# Task requirements
Leaving out the pictures, restate each record below word for word.
# # # #
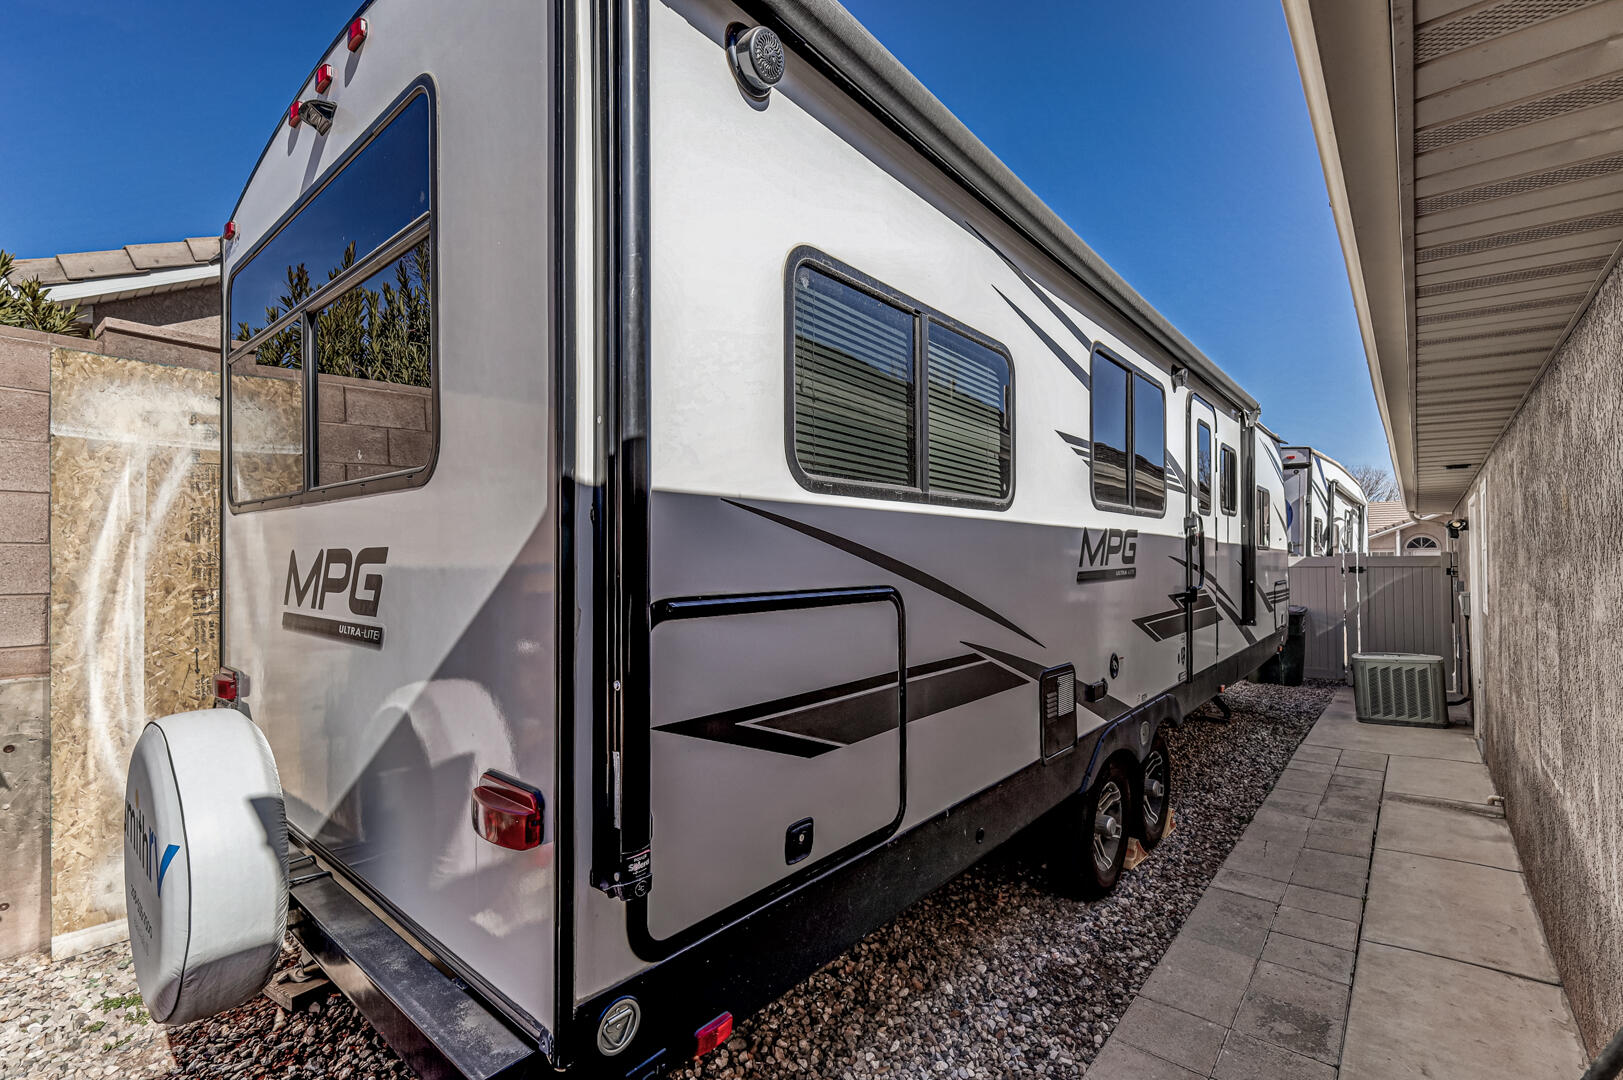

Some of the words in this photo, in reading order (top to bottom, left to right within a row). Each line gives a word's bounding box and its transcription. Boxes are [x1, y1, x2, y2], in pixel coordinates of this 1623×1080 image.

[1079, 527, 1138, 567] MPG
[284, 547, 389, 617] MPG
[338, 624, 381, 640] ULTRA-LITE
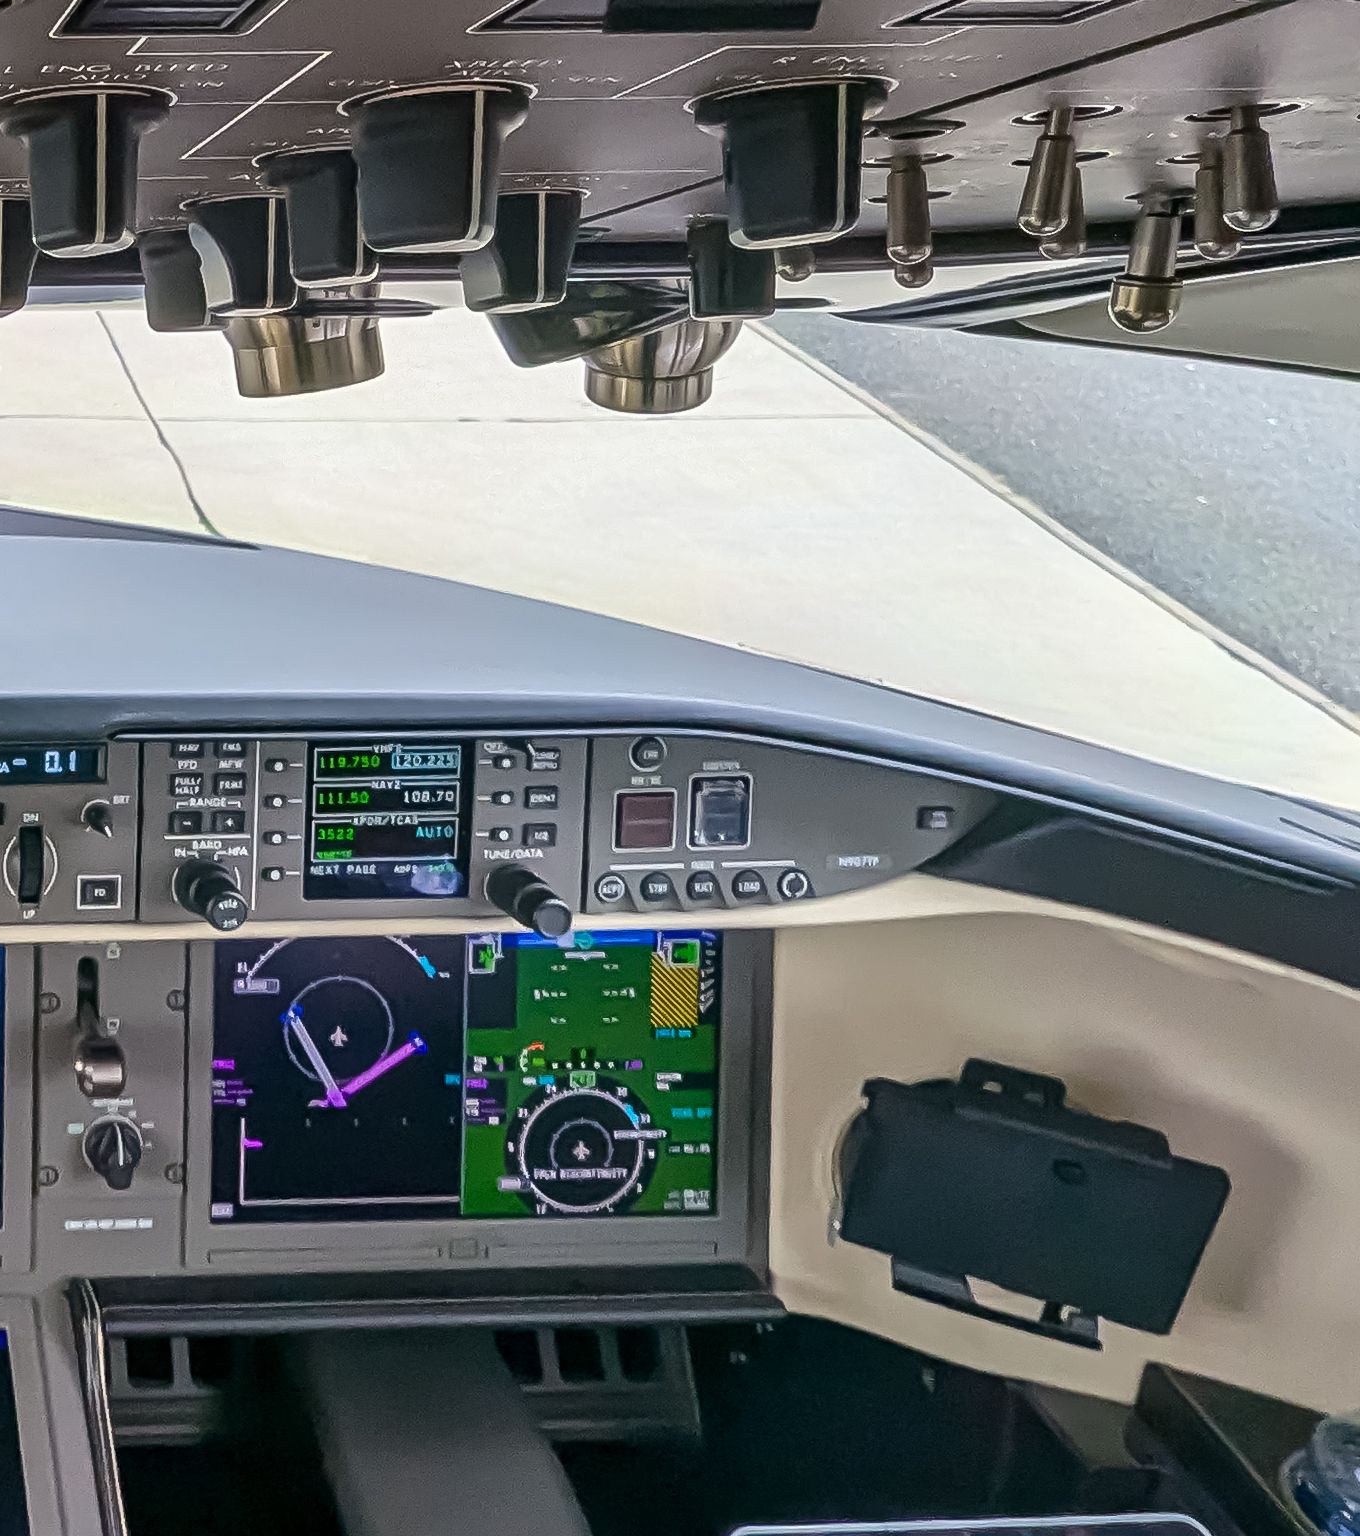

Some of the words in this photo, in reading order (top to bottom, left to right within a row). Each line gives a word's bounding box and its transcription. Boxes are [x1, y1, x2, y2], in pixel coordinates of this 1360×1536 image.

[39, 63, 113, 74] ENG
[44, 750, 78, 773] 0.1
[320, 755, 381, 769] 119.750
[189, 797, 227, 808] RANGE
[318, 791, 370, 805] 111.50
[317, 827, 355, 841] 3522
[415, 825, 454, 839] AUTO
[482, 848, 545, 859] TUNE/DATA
# # # #
# Reply
Some of the words in this photo, in reading order (top to bottom, left to right within a row). Each line gives a word's bounding box and its transcription. Boxes are [x1, y1, x2, y2], in pixel coordinates of this 1623×1080 image.

[1079, 527, 1138, 567] MPG
[284, 547, 389, 617] MPG
[338, 624, 381, 640] ULTRA-LITE

Some of the words in this photo, in reading order (top to bottom, left to right within a row). Each line gives a word's bounding box and its transcription. Boxes are [x1, y1, x2, y2], in pixel coordinates of this 1360×1536 image.

[39, 63, 113, 74] ENG
[44, 750, 78, 773] 0.1
[320, 755, 381, 769] 119.750
[189, 797, 227, 808] RANGE
[318, 791, 370, 805] 111.50
[317, 827, 355, 841] 3522
[415, 825, 454, 839] AUTO
[482, 848, 545, 859] TUNE/DATA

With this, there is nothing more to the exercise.